**ABOUT THIS EXERCISE**
Please retype all the data below exactly, line for line.

**DATASET ENTRIES**
----
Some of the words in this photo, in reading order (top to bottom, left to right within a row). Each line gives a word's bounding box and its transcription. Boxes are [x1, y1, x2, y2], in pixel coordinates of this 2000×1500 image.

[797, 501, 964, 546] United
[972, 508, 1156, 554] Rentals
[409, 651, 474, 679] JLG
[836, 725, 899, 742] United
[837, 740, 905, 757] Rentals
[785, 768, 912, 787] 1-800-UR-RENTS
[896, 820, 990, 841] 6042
----
**TASK OUTPUT**
Some of the words in this photo, in reading order (top to bottom, left to right within a row). Each line gives a word's bounding box and its transcription. Boxes are [x1, y1, x2, y2], in pixel coordinates of this 2000×1500 image.

[797, 501, 964, 546] United
[972, 508, 1156, 554] Rentals
[409, 651, 474, 679] JLG
[836, 725, 899, 742] United
[837, 740, 905, 757] Rentals
[785, 768, 912, 787] 1-800-UR-RENTS
[896, 820, 990, 841] 6042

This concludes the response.